An die haubentragende Aphrodite im Ostfriese des Parthenon lässt ein auch sonst in Wiederholungen vorhandener schöner marmorner Aphroditekopf im Kasino Borghese denken, dessen Urbild man ohne Bedenken Phidias zuweisen darf. Der Kopf, dessen feines Oval an die Lemnierin erinnert, ist, von vorn gesehen, etwas nach rechts und emporgewandt. Melodisch wie bei der Lemnierin verfliessen die Wellenlinien der Lippenzeichnung, aber hier ist der Mund leise geöffnet, sehnsuchtatmend; und sehnsüchtig blicken die aphrodisisch schmalen Augen. Trotzdem ist der Gesamteindruck des Kopfes in der Vorderansicht hehr und keusch; milder und freundlicher im Profil. Hier auch kommt erst die kunstvolle und reiche Frisur und der eigentümliche reizvolle Kopfputz voll zur Geltung, die zusammen die charakteristische Hauptanziehung dieser Arbeit ausmachen. Die Binden, die das Haar dreimal kreuzen, schneiden tief, wie bei der Lemnierin, in seine darüber hinausquellenden Wellen ein, und verbreitern sich unten am Hinterkopf zu einer Halbhaube, die das hier in einen dicken runden Schopf zusammengenommene Haar trägt. Vor dem Ohrläppchen ringeln sich je zwei flach anliegende Löckchen herab und rechts und links über den äusseren Augenwinkeln je zwei sichelförmig über die Binde empor.
Längst auch ist mit dem Atelier des Phidias in Zusammenhang gebracht jene berühmte weibliche Kolossalstatue der vatikanischen Rotunde, die mit der erhobenen Linken wahrscheinlich ein Skeptron hochfasste und in der Rechten ein Attribut hielt, dessen Verlust uns über die Benennung der Göttin im Unklaren lässt.
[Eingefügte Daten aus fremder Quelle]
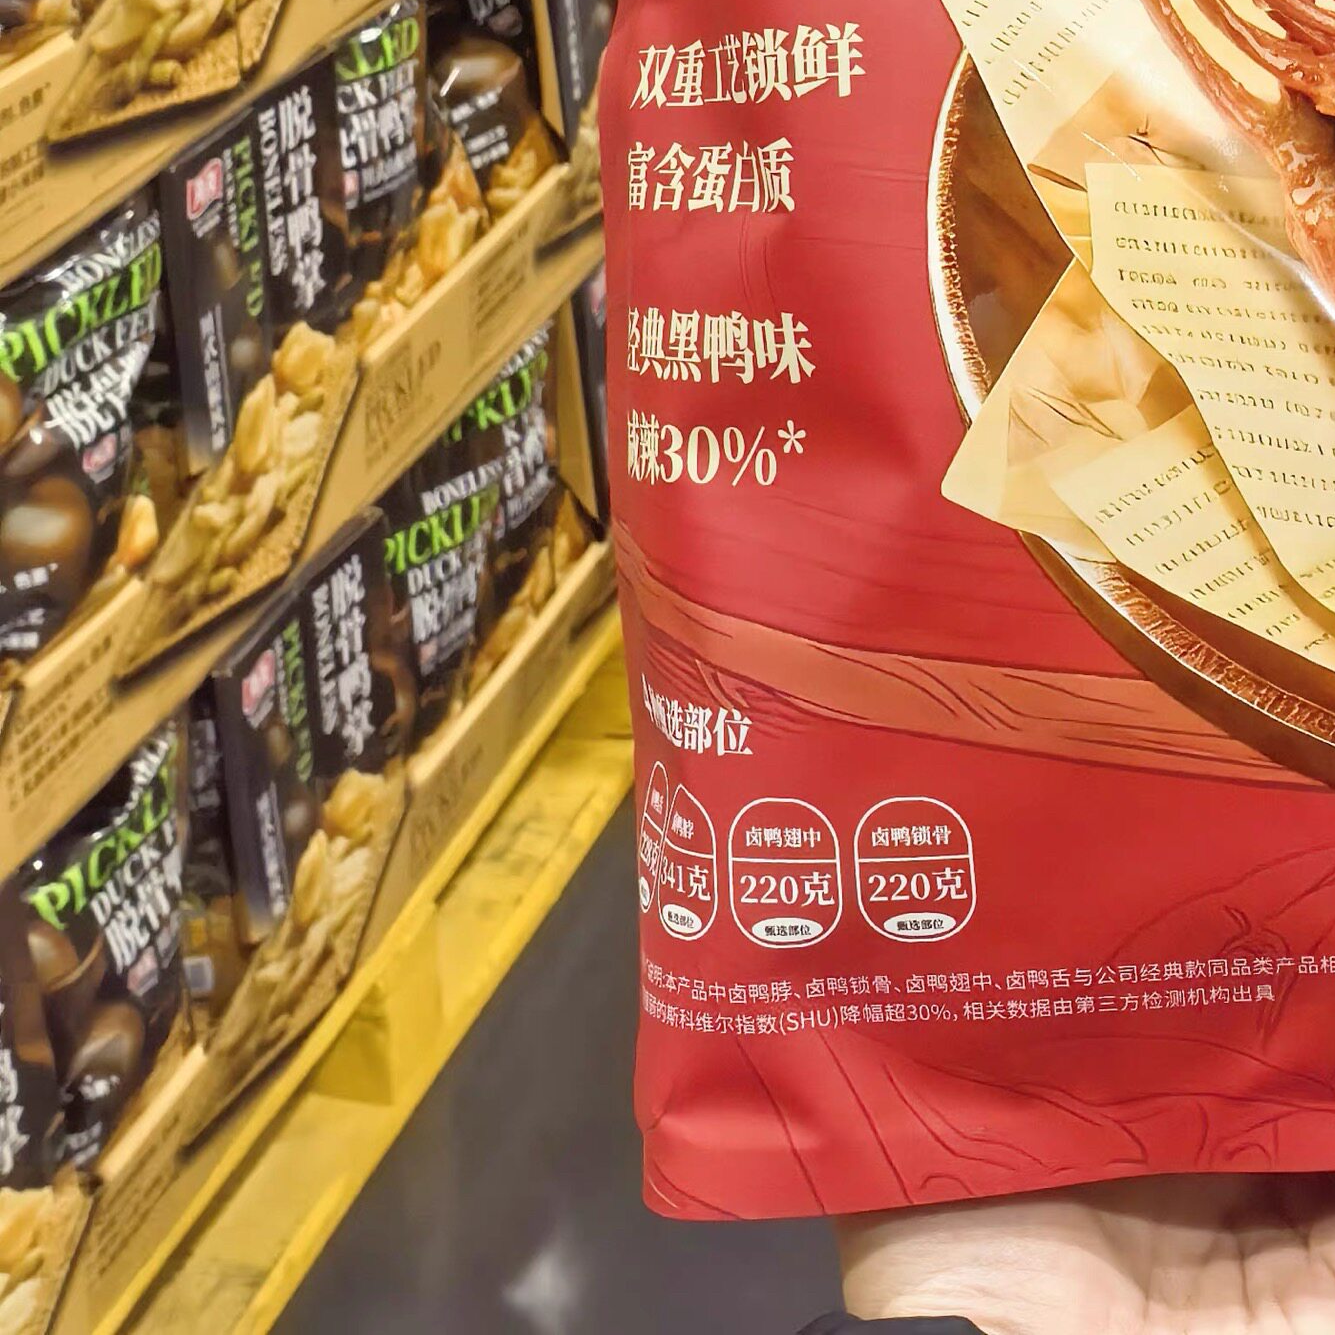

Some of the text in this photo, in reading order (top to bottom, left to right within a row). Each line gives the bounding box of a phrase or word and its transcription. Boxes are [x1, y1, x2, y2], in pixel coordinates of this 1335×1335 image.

Die Behandlung des dorischen Chitons mit gegürtetem Überschlag, vor allem der schöne Gegensatz zwischen den tiefschattigen Steilfalten mit den glatten Massen des linken Beines, und der Kopf mit den mütterlich breiten Formen und dem grossoffenen Auge der Parthenos erinnern an das Goldelfenbeinbild. Das Antlitz hat etwas strahlend Jugendliches, ja Heiteres.